All I have attempted above is to show how important it is for the drivers of transformation to elevate their conversations on key defining issues of nation building as a basis of laying a firm foundation of democracy. We have observed that in many a case the founding fathers in large number of post-colonial states end up displaying the same despotic tendencies as their colonial predecessors. While this is not surprising given the universality of human nature and the propensity of many leaders to steal power from where it comes from the people by systematically tempering with the constitution so that they become Imperial Presidents while claiming the democratic space.
While there may be debate whether Zimbabweans got a raw deal over the last twenty-six years, what is undeniable is that Zimbabwe may have created one of the greatest emperors without attracting the same kind of opposition that the colonial administrations attracted leading to regime changes. It is important to ask whether independence brought real democracy or a mirage. The challenge in Africa will continue to be how to ensure that a government created on the back of the poor will live up to their expectations. Can Africa with its colonial baggage and post –colonial betrayal by the founding fathers ever create a government where the three branches of government jealously guard their independence in the national interest? The need for Africans to debate this issue cannot be overstated.

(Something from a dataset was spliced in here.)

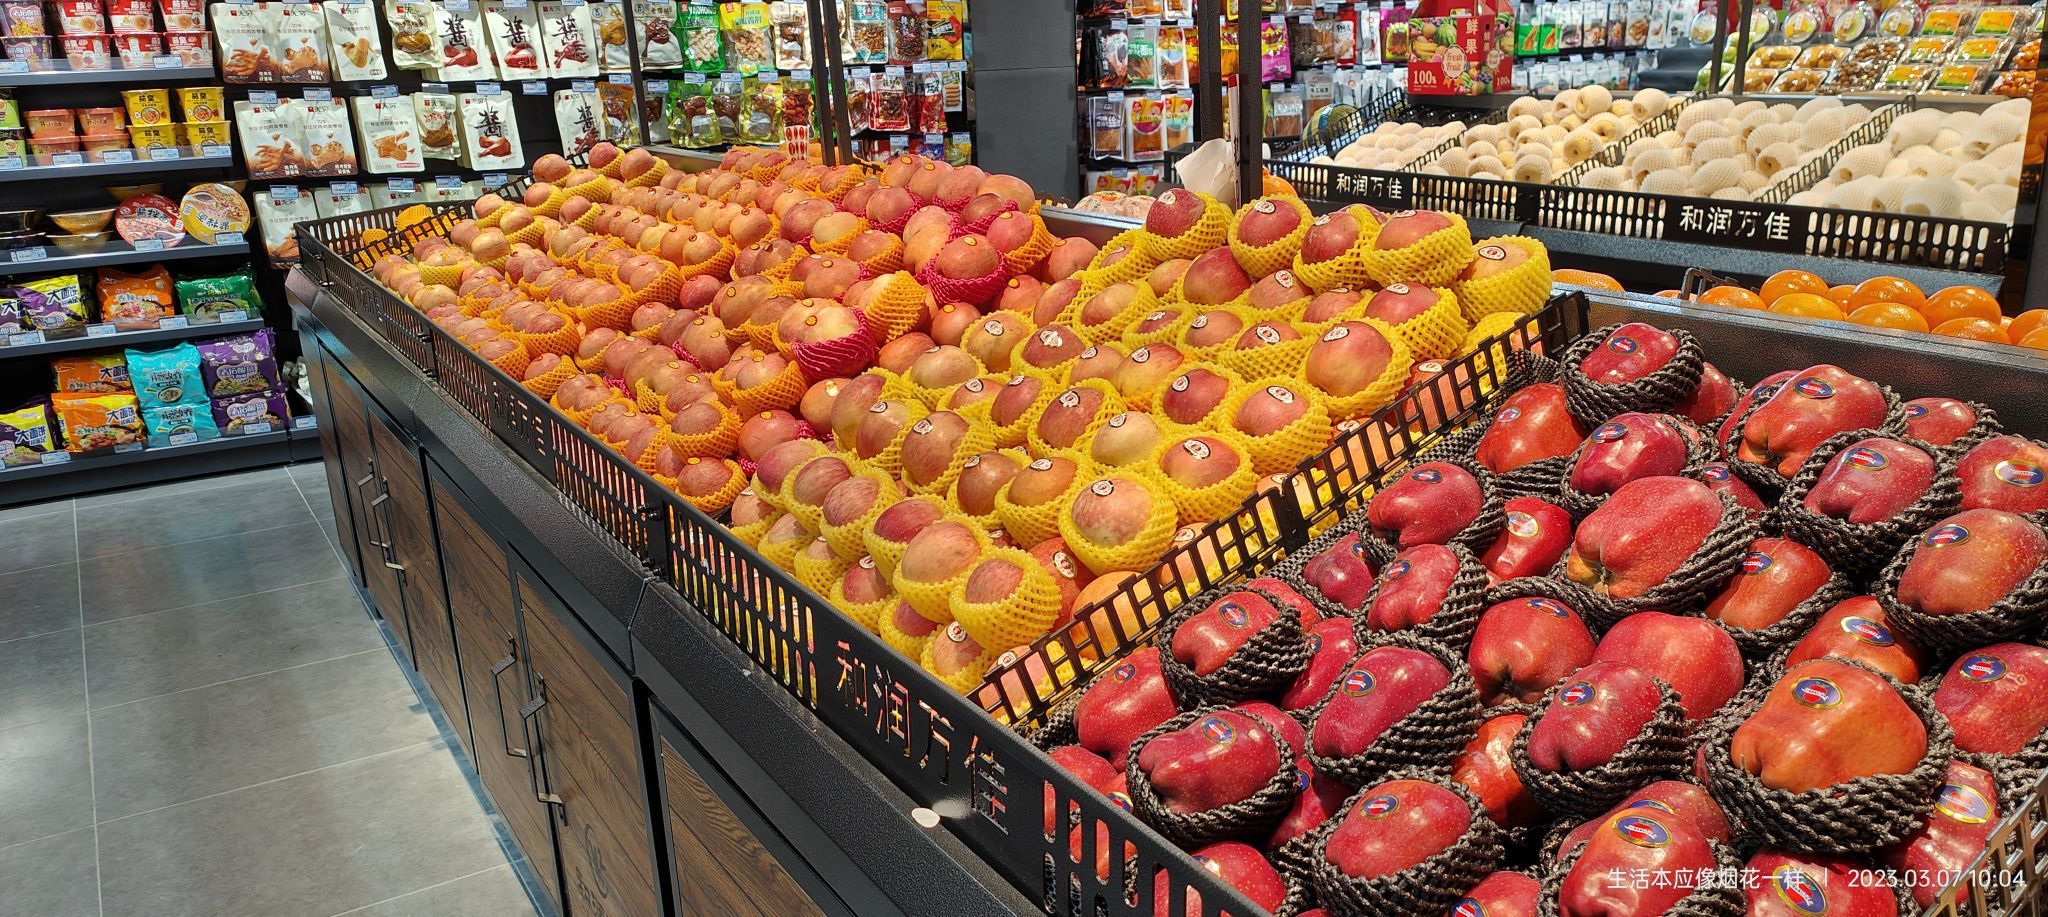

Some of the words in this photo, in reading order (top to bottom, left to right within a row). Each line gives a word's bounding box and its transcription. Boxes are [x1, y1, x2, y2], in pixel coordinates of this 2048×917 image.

[1335, 174, 1403, 200] 和润万佳
[1678, 205, 1791, 241] 和润万佳
[836, 639, 1009, 836] 和润万佳

In conclusion, I cannot but help to quote Supreme Court Justice William O. Douglas of the US who said: “As nightfall does not come all at once, neither does oppression. In both instances, there is a twilight when everything remains seemingly unchanged. And it is such twilight that we all must be most aware of change in the air – however slight – lest we become unwitting victims of the darkness.”
Zimbabweans should never despair but they have a right to be impatient particularly if there rights have been usurped by a few in the mistaken belief that they are and were guided by national interest. To the extent that the darkness in Zimbabwe is characterised by corruption of unprecedented proportions, the need to be informed about the manifestation and consequences of the centralisation of power in one person becomes urgent.
My case, like that of many, is pregnant with state corruption that appears to be the order of the day confirming Jefferson’s worst fears about the dangers of a democracy hijacked. Based on my experiences over the last few years I have come to the inescapable conclusion that without the rule of law and respect of human and property rights no one is safe and it is futile and folly to think of profits in a vacuum.